* [Work instructions] Will you extract the entries word for word? Images should not appear in the copy.
________________________
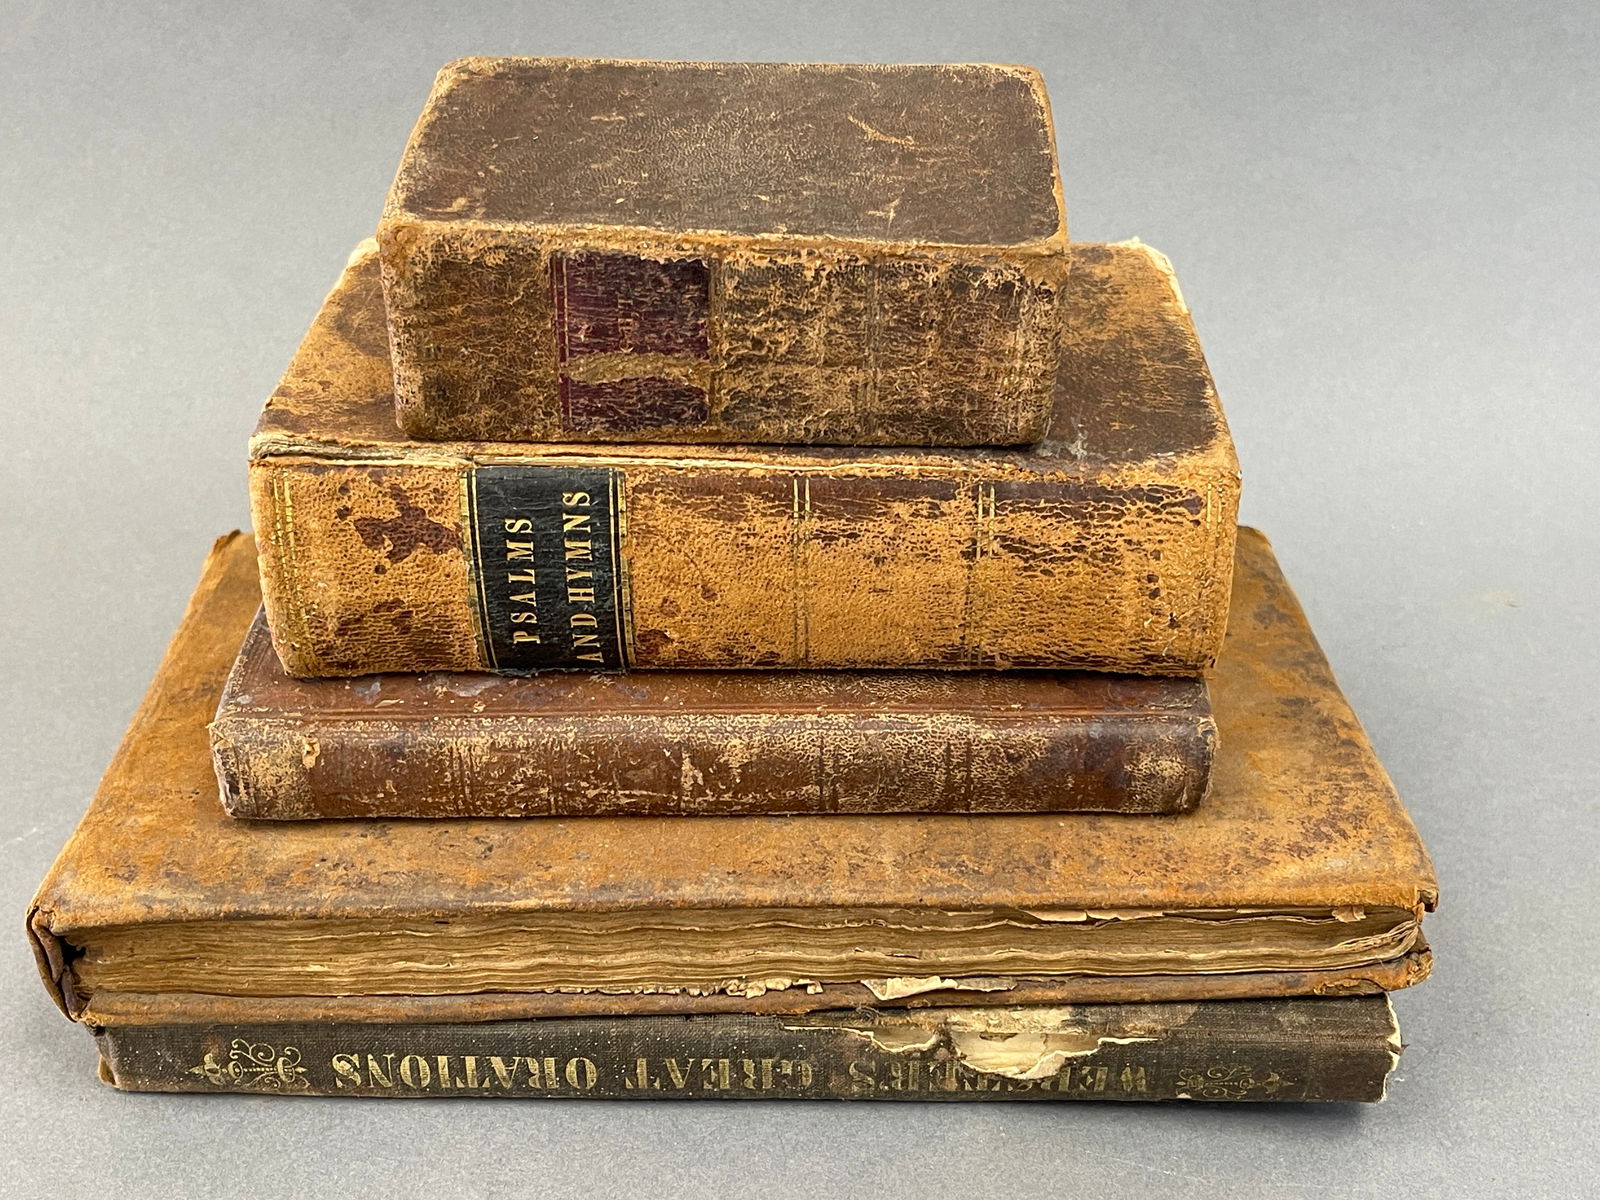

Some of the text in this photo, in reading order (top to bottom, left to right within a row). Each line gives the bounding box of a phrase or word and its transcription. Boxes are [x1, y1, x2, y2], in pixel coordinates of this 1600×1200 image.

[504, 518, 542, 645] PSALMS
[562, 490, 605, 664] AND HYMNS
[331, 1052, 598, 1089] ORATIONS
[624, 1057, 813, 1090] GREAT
________________________
* [Reply]
Some of the text in this photo, in reading order (top to bottom, left to right within a row). Each line gives the bounding box of a phrase or word and its transcription. Boxes are [x1, y1, x2, y2], in pixel coordinates of this 1600×1200 image.

[504, 518, 542, 645] PSALMS
[562, 490, 605, 664] AND HYMNS
[331, 1052, 598, 1089] ORATIONS
[624, 1057, 813, 1090] GREAT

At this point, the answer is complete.